WORK ITEM: Copy each line below without leaving any out.

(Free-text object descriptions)
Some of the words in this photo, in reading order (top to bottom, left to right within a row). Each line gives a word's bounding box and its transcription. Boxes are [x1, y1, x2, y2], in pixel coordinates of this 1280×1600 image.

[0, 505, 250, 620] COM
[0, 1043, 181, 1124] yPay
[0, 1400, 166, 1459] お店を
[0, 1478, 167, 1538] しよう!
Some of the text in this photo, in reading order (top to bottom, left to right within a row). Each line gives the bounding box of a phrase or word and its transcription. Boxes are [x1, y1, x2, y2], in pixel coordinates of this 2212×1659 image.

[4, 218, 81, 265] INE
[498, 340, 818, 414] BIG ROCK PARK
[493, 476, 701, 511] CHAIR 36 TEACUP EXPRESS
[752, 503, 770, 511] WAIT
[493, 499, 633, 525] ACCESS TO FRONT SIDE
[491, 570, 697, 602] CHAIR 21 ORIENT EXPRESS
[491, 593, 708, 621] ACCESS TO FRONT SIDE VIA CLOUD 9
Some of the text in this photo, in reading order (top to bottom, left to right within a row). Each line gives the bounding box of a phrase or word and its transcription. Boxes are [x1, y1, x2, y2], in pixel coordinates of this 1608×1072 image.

WRITTEN REPLY:
Some of the words in this photo, in reading order (top to bottom, left to right within a row). Each line gives a word's bounding box and its transcription. Boxes are [x1, y1, x2, y2], in pixel coordinates of this 1280×1600 image.

[0, 505, 250, 620] COM
[0, 1043, 181, 1124] yPay
[0, 1400, 166, 1459] お店を
[0, 1478, 167, 1538] しよう!
Some of the text in this photo, in reading order (top to bottom, left to right within a row). Each line gives the bounding box of a phrase or word and its transcription. Boxes are [x1, y1, x2, y2], in pixel coordinates of this 2212×1659 image.

[4, 218, 81, 265] INE
[498, 340, 818, 414] BIG ROCK PARK
[493, 476, 701, 511] CHAIR 36 TEACUP EXPRESS
[752, 503, 770, 511] WAIT
[493, 499, 633, 525] ACCESS TO FRONT SIDE
[491, 570, 697, 602] CHAIR 21 ORIENT EXPRESS
[491, 593, 708, 621] ACCESS TO FRONT SIDE VIA CLOUD 9
Some of the text in this photo, in reading order (top to bottom, left to right within a row). Each line gives the bounding box of a phrase or word and its transcription. Boxes are [x1, y1, x2, y2], in pixel coordinates of this 1608×1072 image.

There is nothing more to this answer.